What does this mean for Baidu?

Baidu generates most of its revenue from online advertising, but revenue from this core business has been declining year on year for five consecutive quarters. He attributed the contraction to the slowdown in the Chinese economy, the ongoing trade war between the United States and China, competition from rival platforms, COVID-19 and other macro factors. economic.

As its advertising business dried up, Baidu relied more on its iQiyi revenue, which accounted for 28% of its revenue in the last quarter. IQiyi’s growth offset Baidu’s decline in advertising revenue, but its losses weighed on Baidu’s margins.

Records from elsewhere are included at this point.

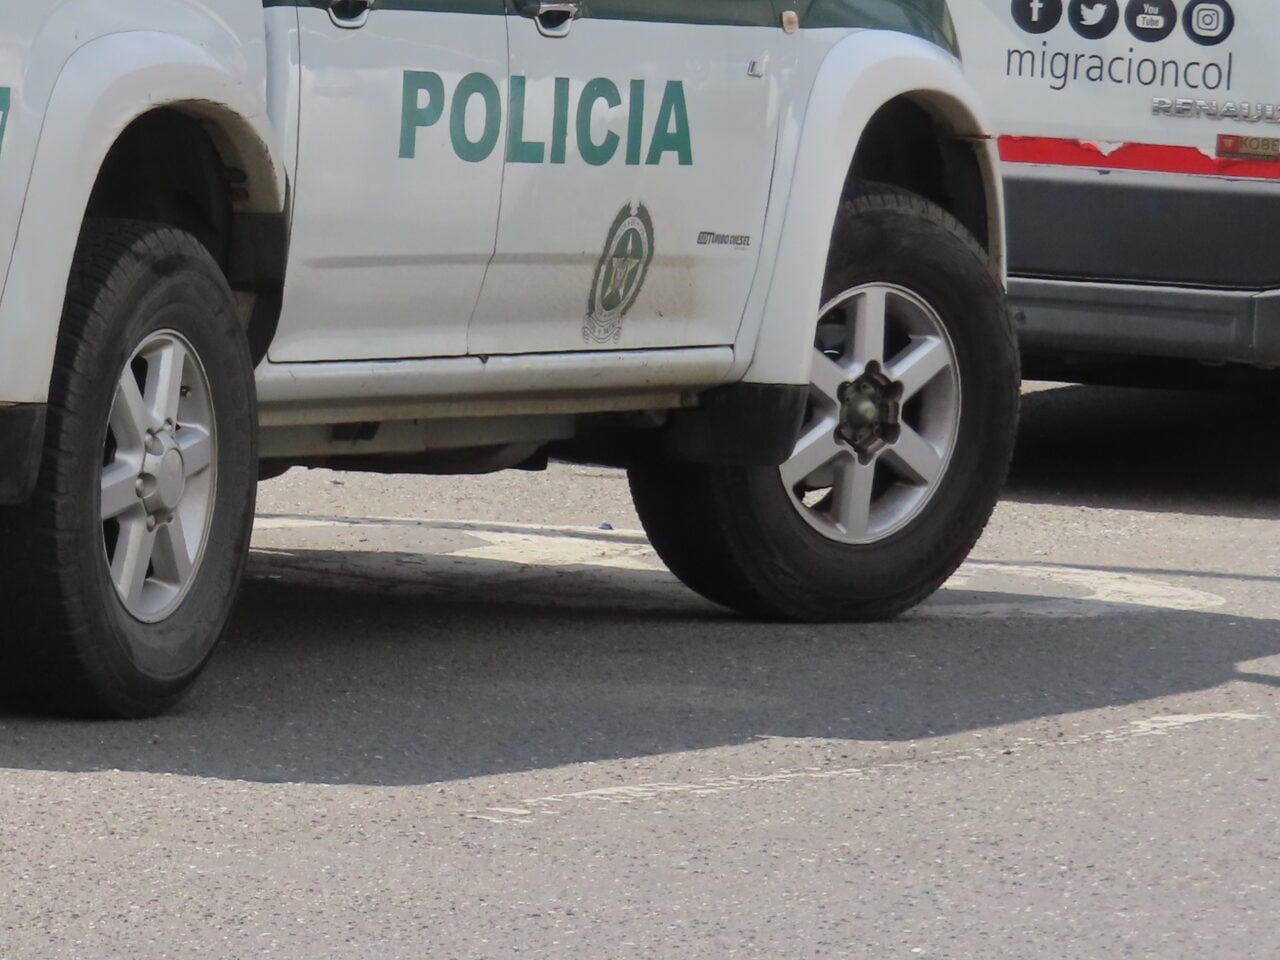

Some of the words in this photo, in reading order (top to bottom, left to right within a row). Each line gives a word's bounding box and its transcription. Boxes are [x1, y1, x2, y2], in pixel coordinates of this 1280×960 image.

[1140, 16, 1161, 27] Tube
[1143, 3, 1160, 15] You
[1006, 41, 1233, 90] migracioncol
[398, 70, 694, 166] POLICIA
[1151, 98, 1280, 124] RENAUL
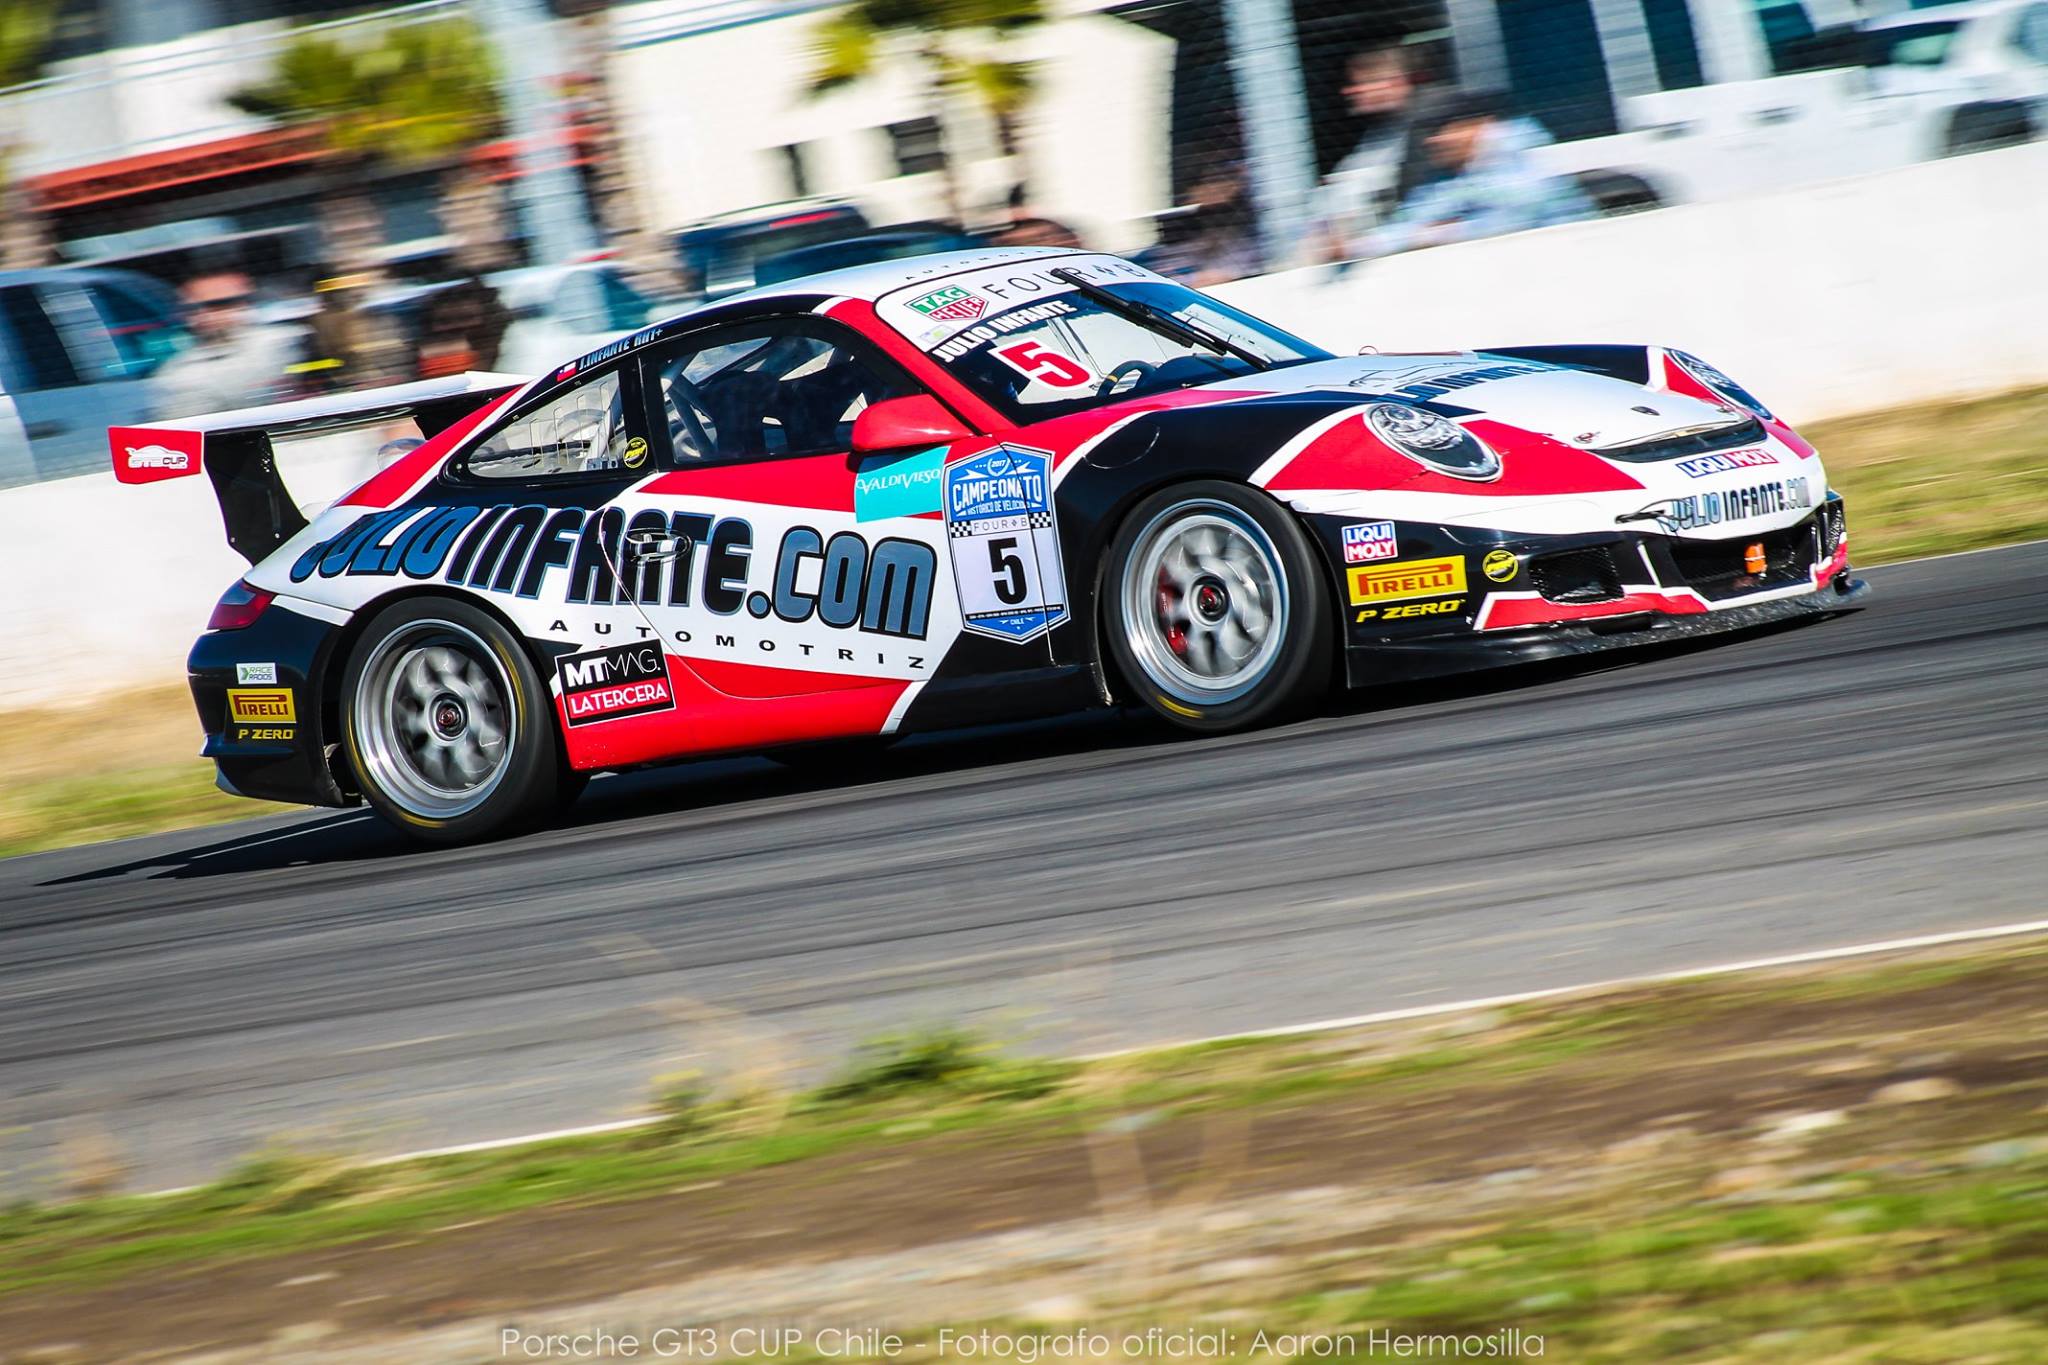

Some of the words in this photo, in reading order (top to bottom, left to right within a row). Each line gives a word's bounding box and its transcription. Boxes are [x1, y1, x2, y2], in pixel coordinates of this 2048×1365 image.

[914, 286, 967, 310] TAG
[929, 296, 985, 321] HEUER
[932, 326, 998, 363] JULIO
[988, 299, 1078, 333] INFANTE
[998, 341, 1091, 388] 5
[162, 456, 187, 465] CUP
[1678, 454, 1739, 477] LIQUI
[1727, 449, 1777, 467] MOLY
[856, 467, 942, 495] VALDIVIESO
[952, 474, 1043, 513] CAMPEONATO
[973, 518, 1008, 532] FOUR
[1020, 517, 1028, 527] B
[1346, 525, 1393, 544] LIQUI
[1347, 540, 1396, 561] MOLY
[988, 536, 1028, 605] 5
[1356, 563, 1455, 597] PIRELLI
[1355, 609, 1378, 623] P
[1381, 600, 1461, 620] ZERO
[232, 694, 289, 716] PIRELLI
[238, 728, 249, 740] P
[251, 728, 295, 740] ZERO
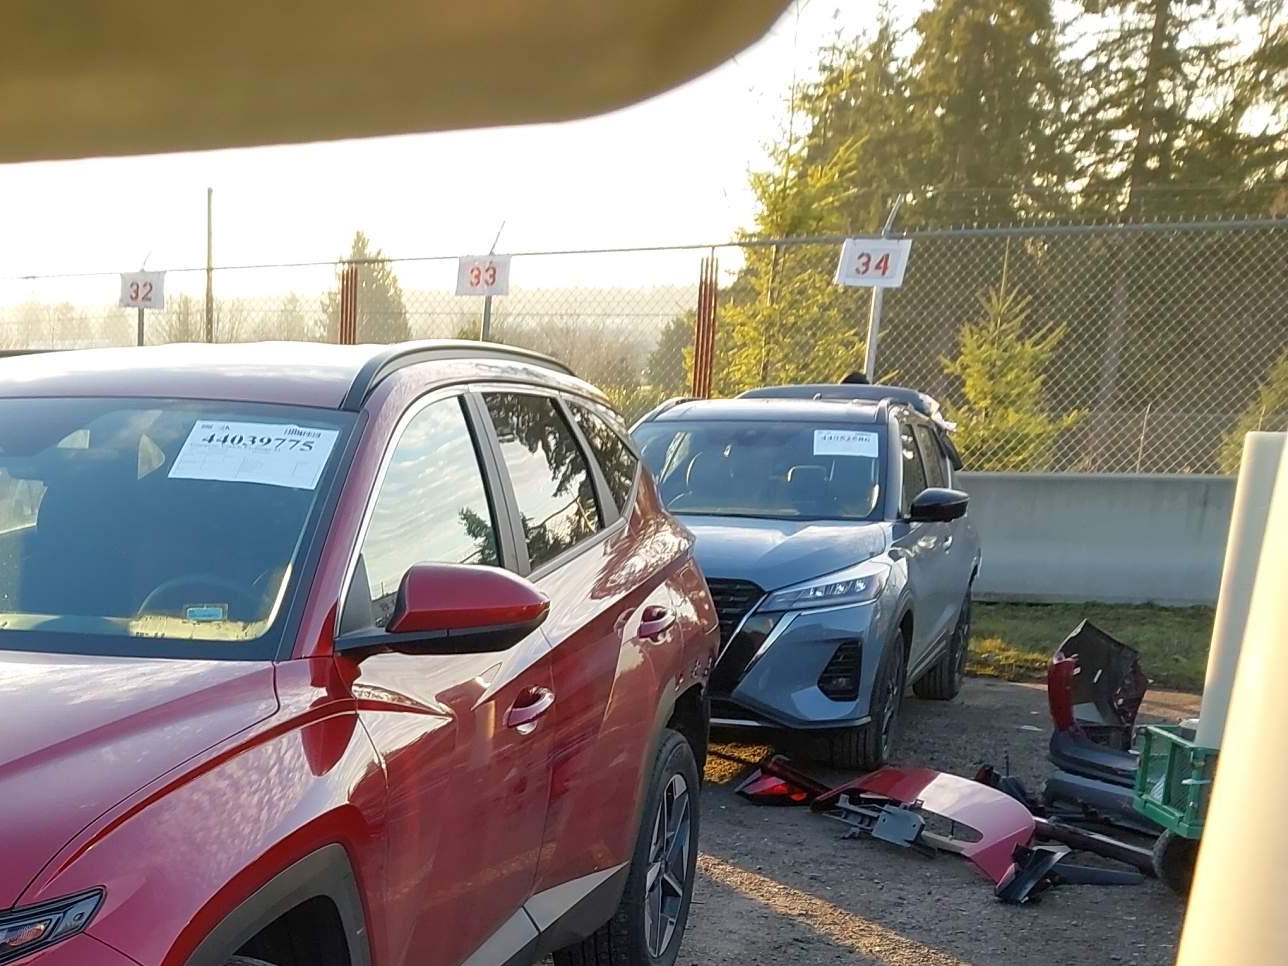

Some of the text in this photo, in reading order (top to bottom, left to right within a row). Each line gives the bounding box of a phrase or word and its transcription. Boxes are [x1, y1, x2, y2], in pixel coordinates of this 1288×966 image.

Therefore, Baidu needs iQiyi to support its revenue growth until its higher margin advertising business finally recovers. So if iQiyi’s revenue has been inflated, or if Baidu is involved in covering up or turning a blind eye to iQiyi’s accounting practices, the tech giant could have serious problems.

The conclusion of iQiyi’s internal audit relieves some of that pressure, but neither company will be fully exempt until the SEC concludes its investigation.

The key to take away

Baidu and iQiyi’s troubles are not over yet, but the conclusion of iQiyi’s internal review should prevent short sellers from launching another attack. For now, investors should focus on Baidu and iQiyi other challenges in online advertising and streaming video instead of worrying about the potential outcome of the SEC investigation.

This article represents the opinion of the writer, who may disagree with the “official” recommendation position of a premium Motley Fool consulting service. We are motley! Challenging an investment thesis – even one of our own – helps us all to think critically about investing and make decisions that help us become smarter, happier, and richer.